__Task prompt__. Character for character, transcribe the entries below, minus the images.
START Given information
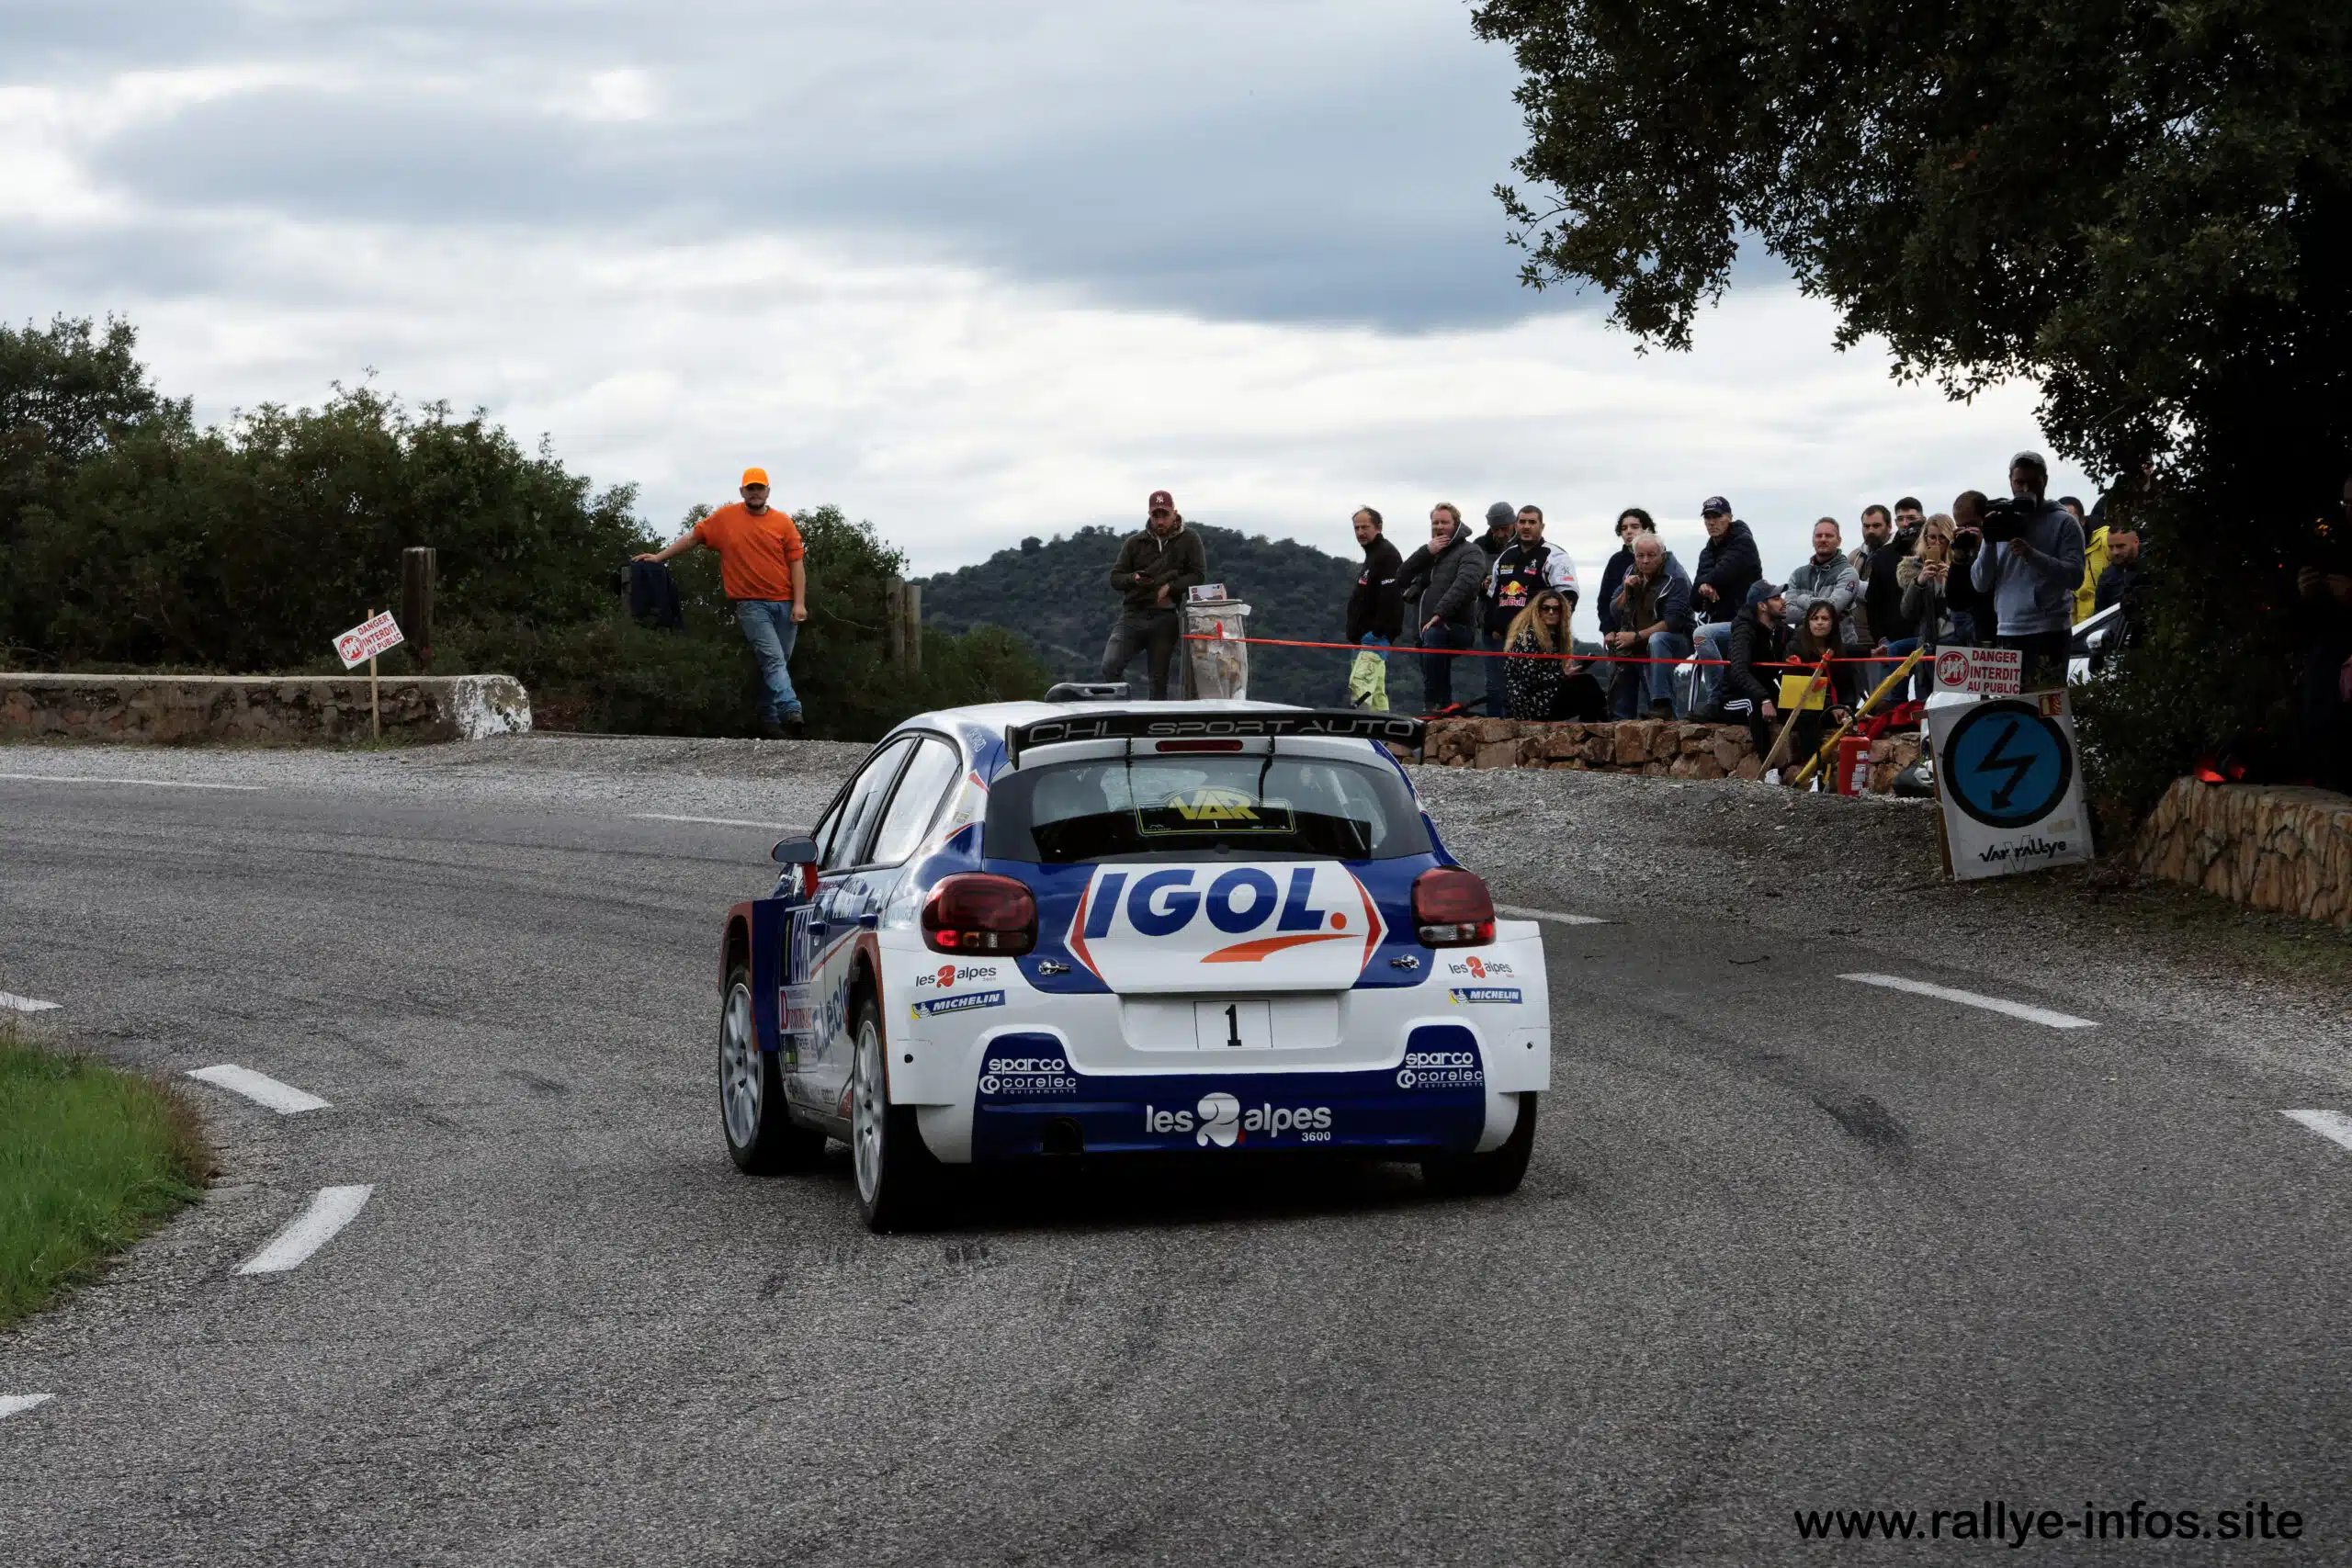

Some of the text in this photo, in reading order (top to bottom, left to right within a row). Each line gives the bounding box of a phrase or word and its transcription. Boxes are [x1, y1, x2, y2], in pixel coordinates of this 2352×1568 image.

[357, 614, 390, 636] DANGER
[362, 623, 397, 647] INTERDIT
[367, 632, 402, 656] AU PUBLIC
[1972, 649, 2018, 663] DANGER
[1970, 665, 2020, 682] INTERDIT
[1967, 681, 2019, 694] AU PUBLIC
[1029, 719, 1415, 743] CHL SPORT AUTO
[1168, 789, 1261, 820] VAR
[915, 964, 997, 987] les 2 alpes
[1448, 955, 1512, 979] les 2 alpes
[933, 993, 1001, 1011] MICHELIN
[1470, 990, 1520, 999] MICHELIN
[1224, 1003, 1242, 1047] 1
[989, 1058, 1065, 1075] sparco
[1406, 1052, 1474, 1069] sparco
[1002, 1074, 1077, 1088] corelec
[1418, 1068, 1483, 1081] corelec
[1146, 1092, 1332, 1147] les 2 alpes
[1301, 1131, 1331, 1142] 3600
END Given information
__Response to the exercise__.
Some of the text in this photo, in reading order (top to bottom, left to right within a row). Each line gives the bounding box of a phrase or word and its transcription. Boxes are [x1, y1, x2, y2], in pixel coordinates of this 2352×1568 image.

[357, 614, 390, 636] DANGER
[362, 623, 397, 647] INTERDIT
[367, 632, 402, 656] AU PUBLIC
[1972, 649, 2018, 663] DANGER
[1970, 665, 2020, 682] INTERDIT
[1967, 681, 2019, 694] AU PUBLIC
[1029, 719, 1415, 743] CHL SPORT AUTO
[1168, 789, 1261, 820] VAR
[915, 964, 997, 987] les 2 alpes
[1448, 955, 1512, 979] les 2 alpes
[933, 993, 1001, 1011] MICHELIN
[1470, 990, 1520, 999] MICHELIN
[1224, 1003, 1242, 1047] 1
[989, 1058, 1065, 1075] sparco
[1406, 1052, 1474, 1069] sparco
[1002, 1074, 1077, 1088] corelec
[1418, 1068, 1483, 1081] corelec
[1146, 1092, 1332, 1147] les 2 alpes
[1301, 1131, 1331, 1142] 3600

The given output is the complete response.